* **TASK GOAL**: An exact copy of every entry is needed, with no images.

# # # #

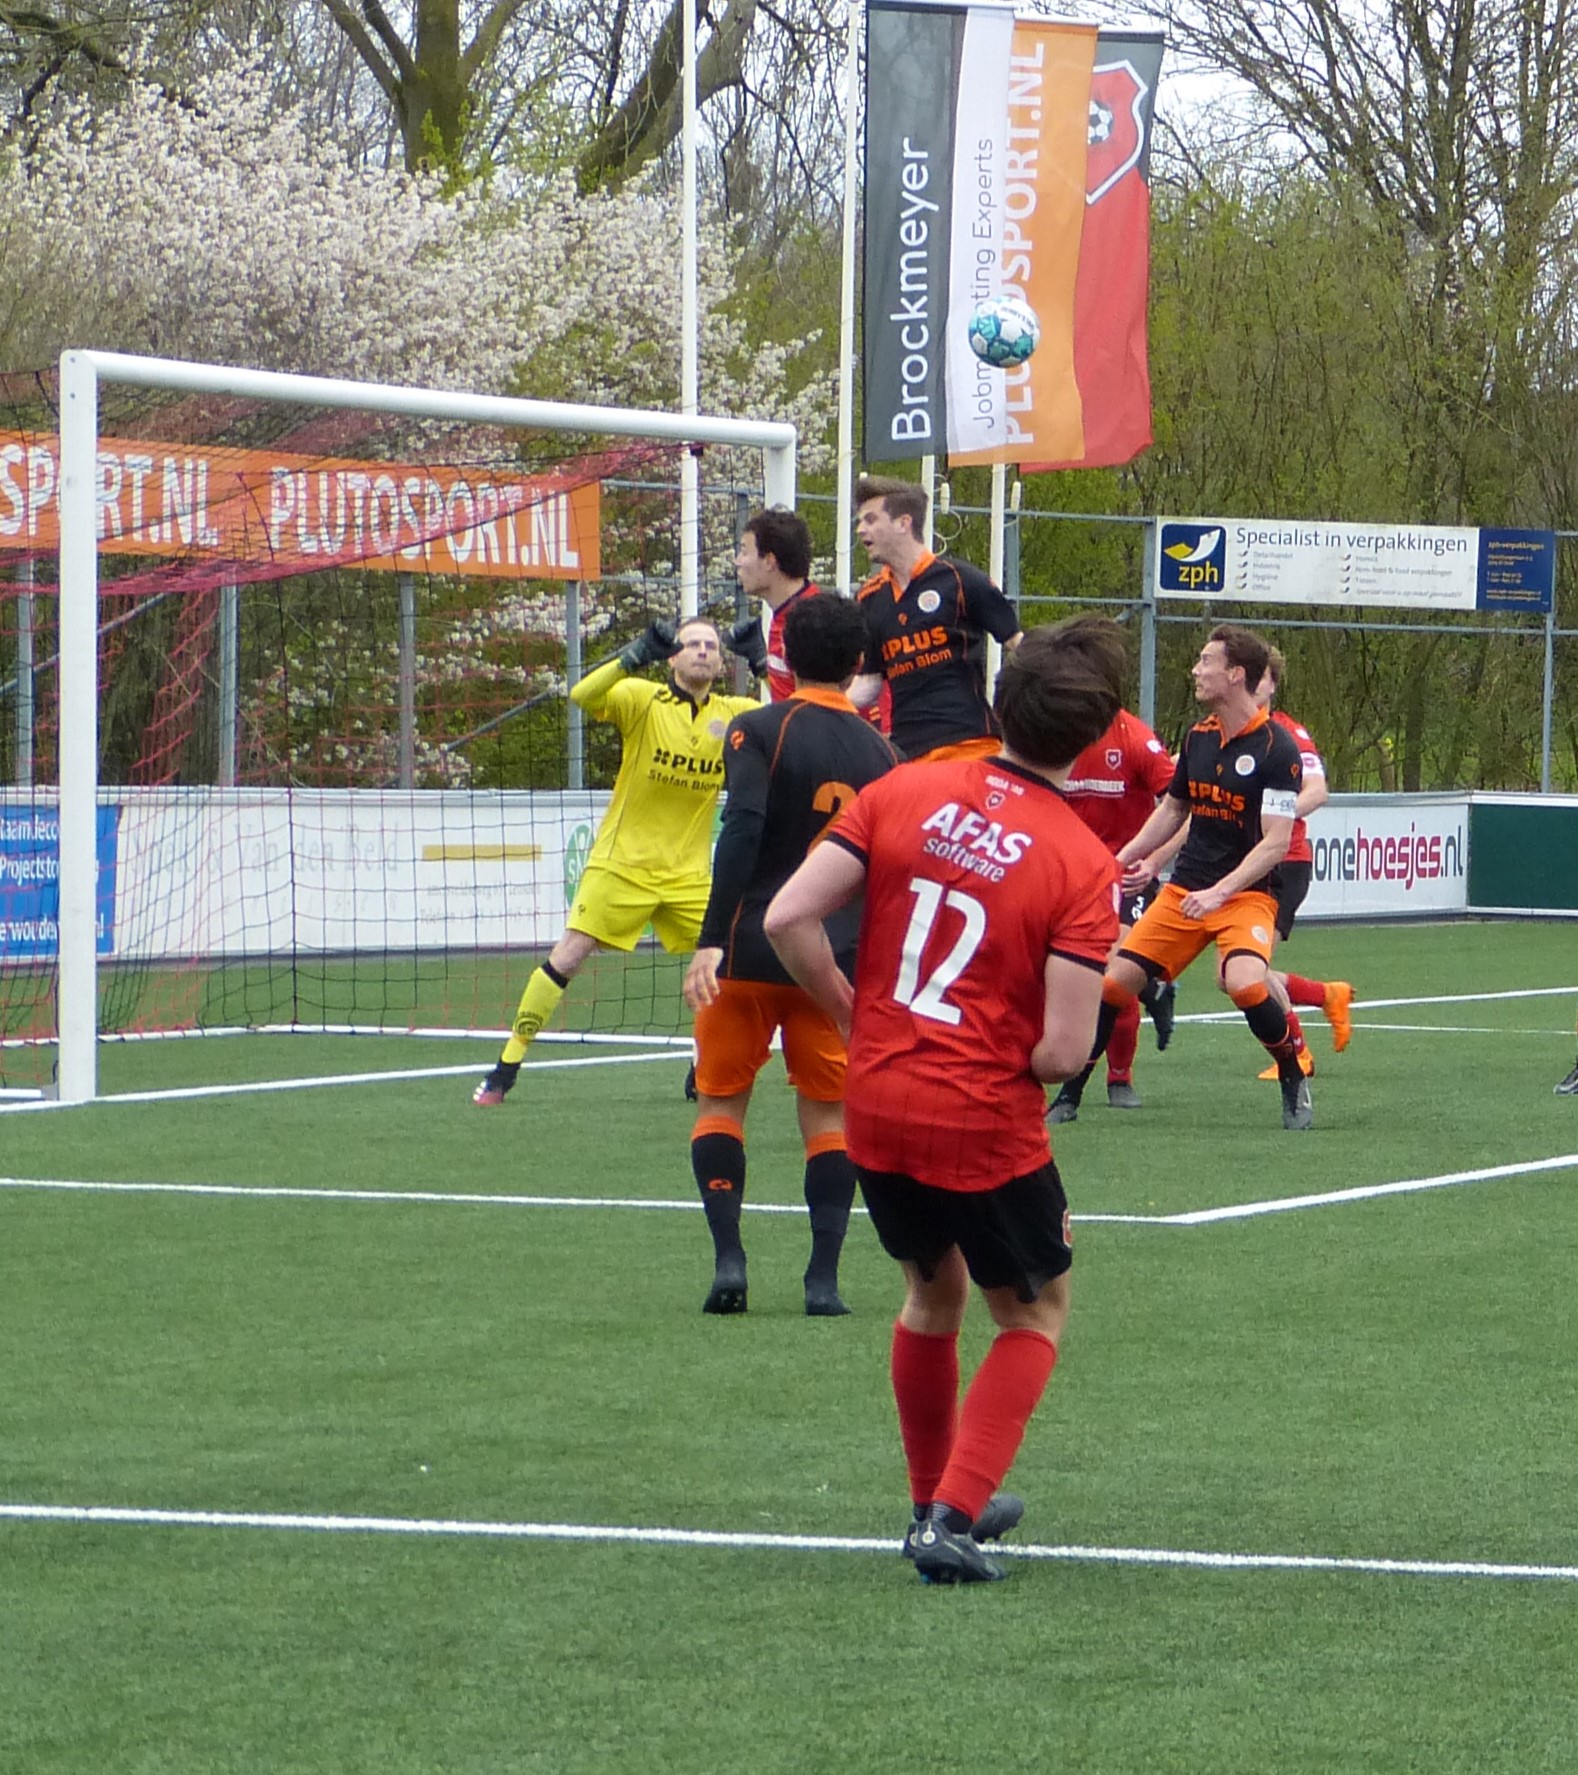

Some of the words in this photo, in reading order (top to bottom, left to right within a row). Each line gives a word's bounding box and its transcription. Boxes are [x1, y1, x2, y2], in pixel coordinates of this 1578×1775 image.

[972, 138, 997, 239] Experts
[1002, 43, 1045, 443] PLUSPORT.NL
[891, 137, 940, 441] Brockmeyer
[971, 248, 996, 429] Jobmting
[0, 444, 218, 546] SPRT.NL
[270, 466, 579, 568] PLUTOSPORT.NL
[1236, 527, 1320, 548] Specialist
[1325, 531, 1341, 547] in
[1347, 533, 1468, 555] verpakkingen
[1178, 560, 1219, 589] zph
[886, 626, 948, 659] PLUS
[916, 648, 952, 668] Blom
[648, 769, 688, 788] Stefan
[671, 753, 723, 775] PLUS
[1199, 782, 1245, 812] PLUS
[921, 802, 1033, 864] AFAS
[923, 837, 1006, 883] software
[893, 876, 987, 1026] 12

# # # #

* **SOLUTION TO THIS EXERCISE**:
Some of the words in this photo, in reading order (top to bottom, left to right within a row). Each line gives a word's bounding box and its transcription. Boxes are [x1, y1, x2, y2], in pixel coordinates of this 1578×1775 image.

[972, 138, 997, 239] Experts
[1002, 43, 1045, 443] PLUSPORT.NL
[891, 137, 940, 441] Brockmeyer
[971, 248, 996, 429] Jobmting
[0, 444, 218, 546] SPRT.NL
[270, 466, 579, 568] PLUTOSPORT.NL
[1236, 527, 1320, 548] Specialist
[1325, 531, 1341, 547] in
[1347, 533, 1468, 555] verpakkingen
[1178, 560, 1219, 589] zph
[886, 626, 948, 659] PLUS
[916, 648, 952, 668] Blom
[648, 769, 688, 788] Stefan
[671, 753, 723, 775] PLUS
[1199, 782, 1245, 812] PLUS
[921, 802, 1033, 864] AFAS
[923, 837, 1006, 883] software
[893, 876, 987, 1026] 12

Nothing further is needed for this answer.